As of this month, I have had this blog for a year. More importantly, a year has passed since I took Bug out of public school, and began homeschooling.

This year has been a whirlwind for me, not just because of our huge move overseas, but because of the big changes that happened within my family.

A year ago, when talking about the decision to homeschool, I closed my blog post with this:

“I know it will be hard. I also know that it will be worth it.”

Our first year homeschooling WAS hard. I spent many sleepless nights obsessing over curriculum, teaching styles, educational philosophies, and message boards. I have spent hours writing lesson plans to go with books, only to scrap those plans and start with something else. I have bought curriculum only to discover it wasn’t a good fit for my son, and bought new curriculum only to learn he has jumped ahead by ability. I’ve  cried to my husband about how tired I am, and how worried I am that I am not cutting it, and cried some more when I’ve seen the amazing progress my child has made.

Homeschooling IS hard.

It HAS been worth it.

This year, I spent more time with my children, actually WITH them, present in the moment then I ever have before in their lives. Our relationships have become exponentially stronger, and I feel like I know my kids better than I did a year ago. I enjoy spending time with them; I enjoy learning with them, and watching their eyes light up when something “clicks”.

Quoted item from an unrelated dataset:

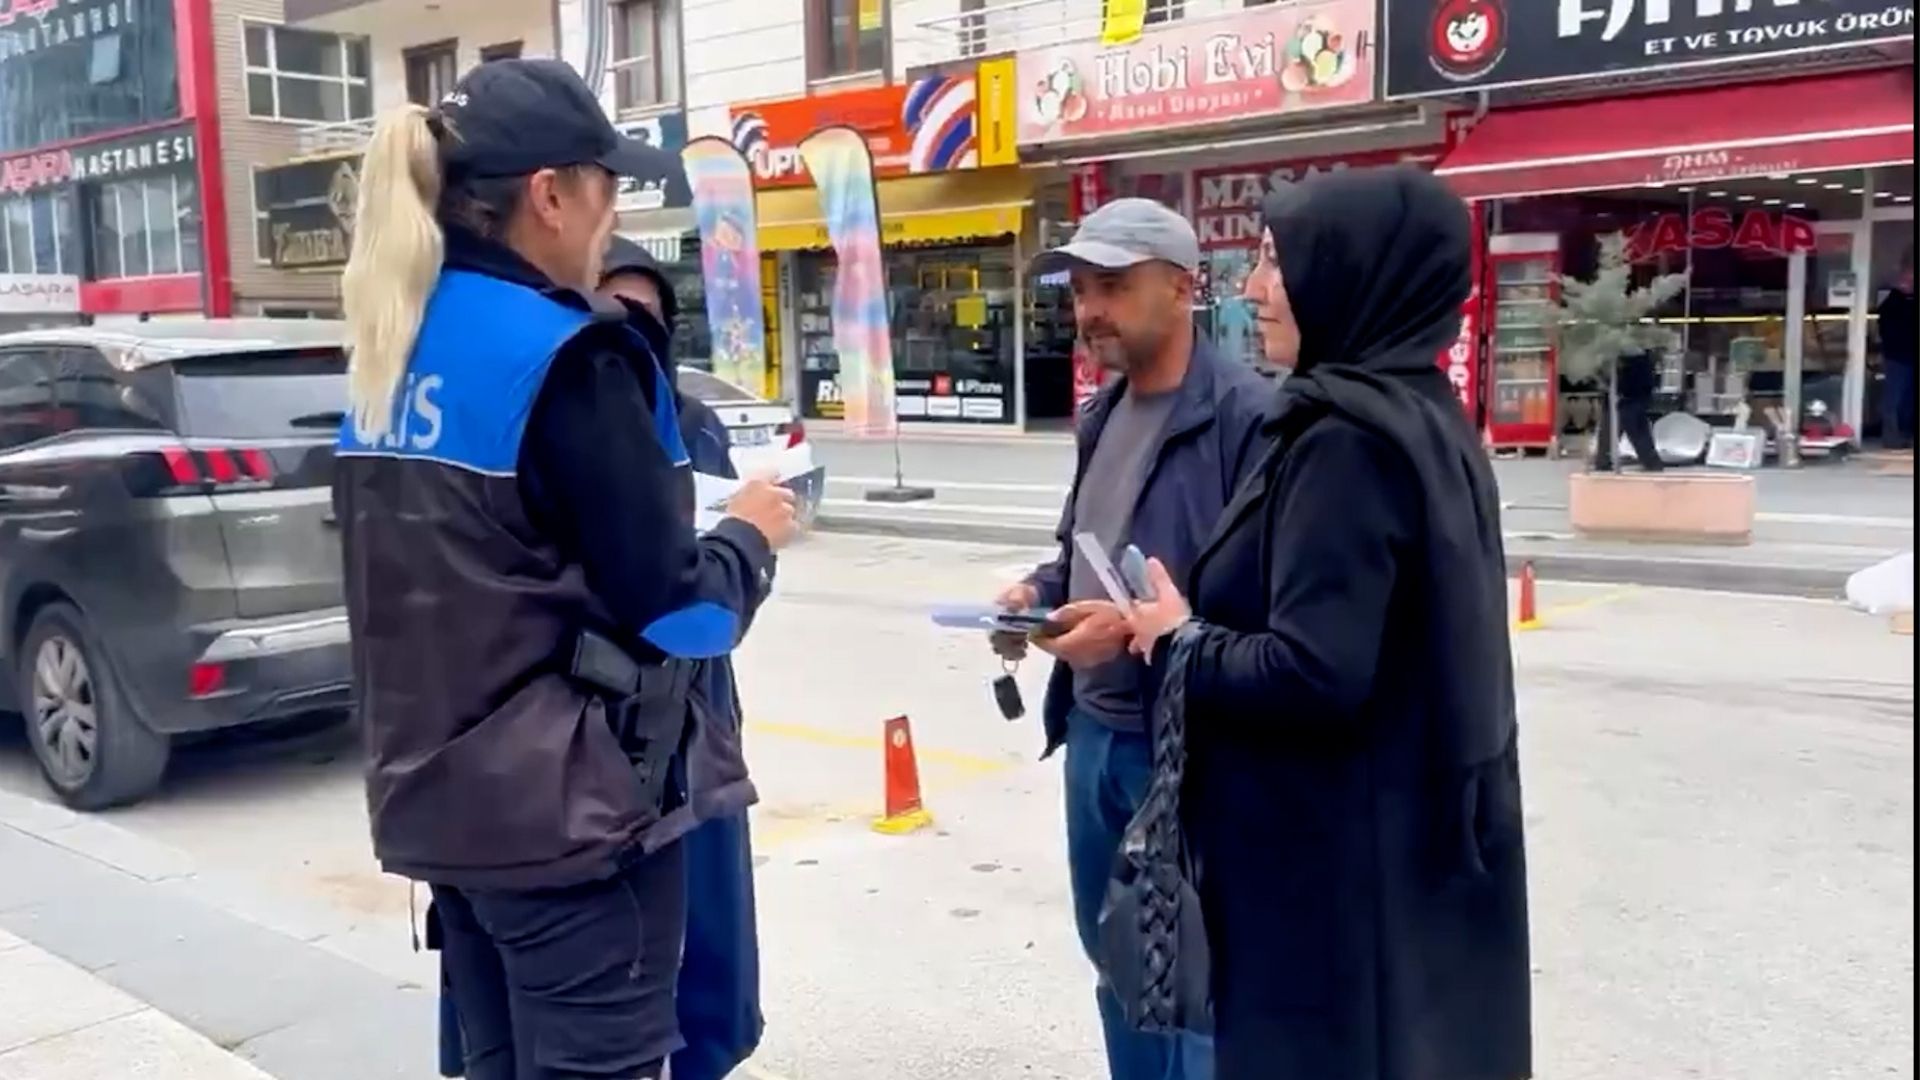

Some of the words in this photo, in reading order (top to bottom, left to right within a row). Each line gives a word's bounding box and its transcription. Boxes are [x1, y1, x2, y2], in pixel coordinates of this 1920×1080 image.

I’ve also seen some unexpected changes. I feel more confident after a year of homeschooling. I feel like I have found my footing in this big scary world that is “being a parent”. I know who I am, and I know what I want to teach my kids. I’ve found a place in our local homeschool community, and I’ve found myself. I’ve become the kind of Mother I wanted to be, and the kind of Mother my kids deserve.

Sure, some days I do still worry about whether or not my kids are growing and learning at the same rate as their public school peers, and I worry if they would be happier at home or in a classroom. But I have found the confidence to not let those worries get under my skin. My kids ARE learning, and my kids ARE happy.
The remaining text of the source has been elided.